# WHAT YOU ARE ASKED TO DO
Would you retype the whole listing exactly, leaving its pictures out?

━━━━━ DATA FOR REVIEW ━━━━━

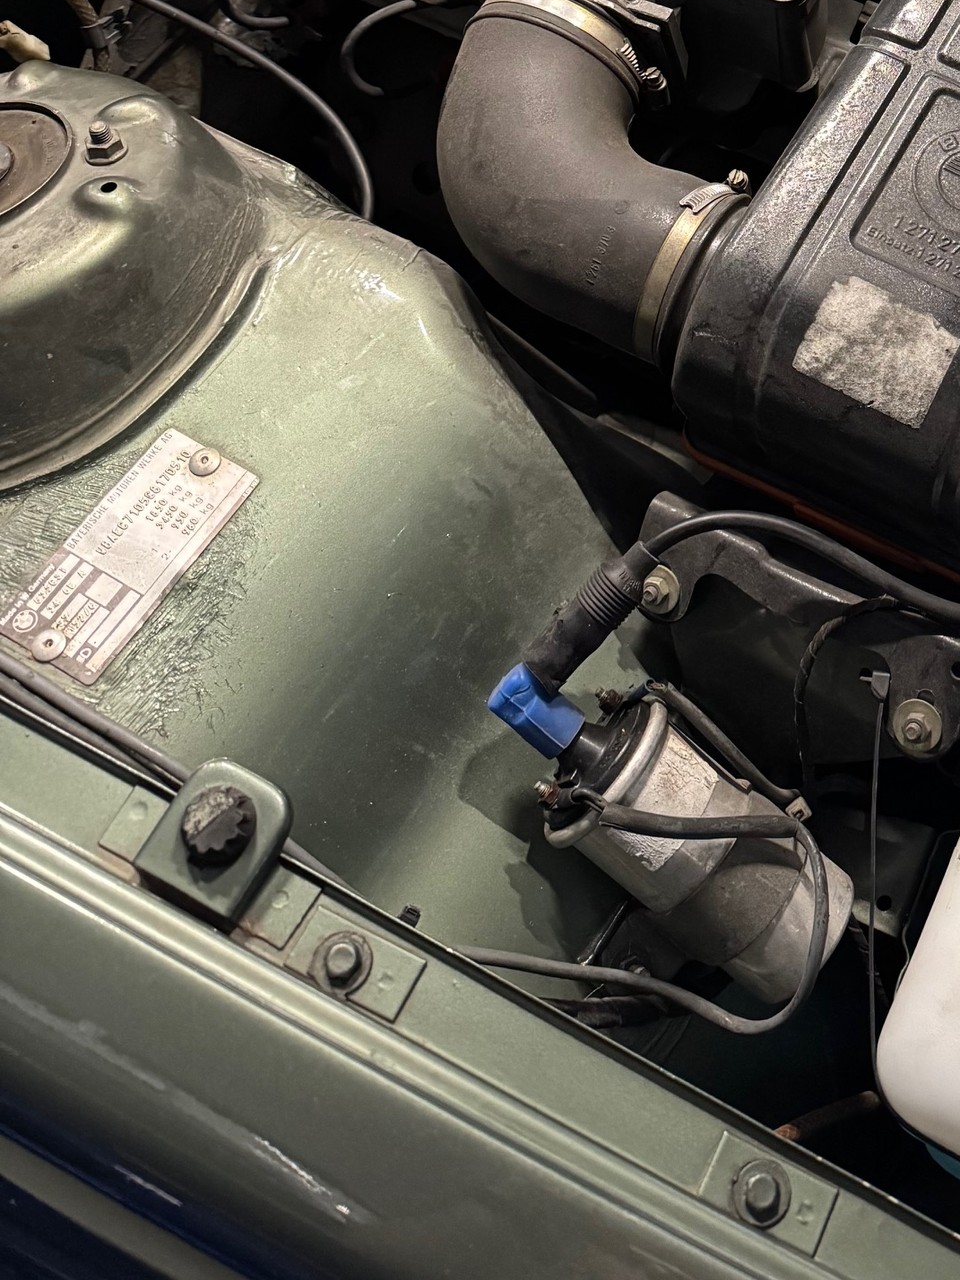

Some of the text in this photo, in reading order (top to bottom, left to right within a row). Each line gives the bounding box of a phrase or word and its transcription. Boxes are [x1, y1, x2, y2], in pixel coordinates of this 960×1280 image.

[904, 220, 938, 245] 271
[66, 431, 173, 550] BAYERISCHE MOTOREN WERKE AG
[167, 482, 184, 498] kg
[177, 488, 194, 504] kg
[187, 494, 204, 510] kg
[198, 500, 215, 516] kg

━━━━━

# PROBLEM SOLUTION
Some of the text in this photo, in reading order (top to bottom, left to right within a row). Each line gives the bounding box of a phrase or word and its transcription. Boxes are [x1, y1, x2, y2], in pixel coordinates of this 960×1280 image.

[904, 220, 938, 245] 271
[66, 431, 173, 550] BAYERISCHE MOTOREN WERKE AG
[167, 482, 184, 498] kg
[177, 488, 194, 504] kg
[187, 494, 204, 510] kg
[198, 500, 215, 516] kg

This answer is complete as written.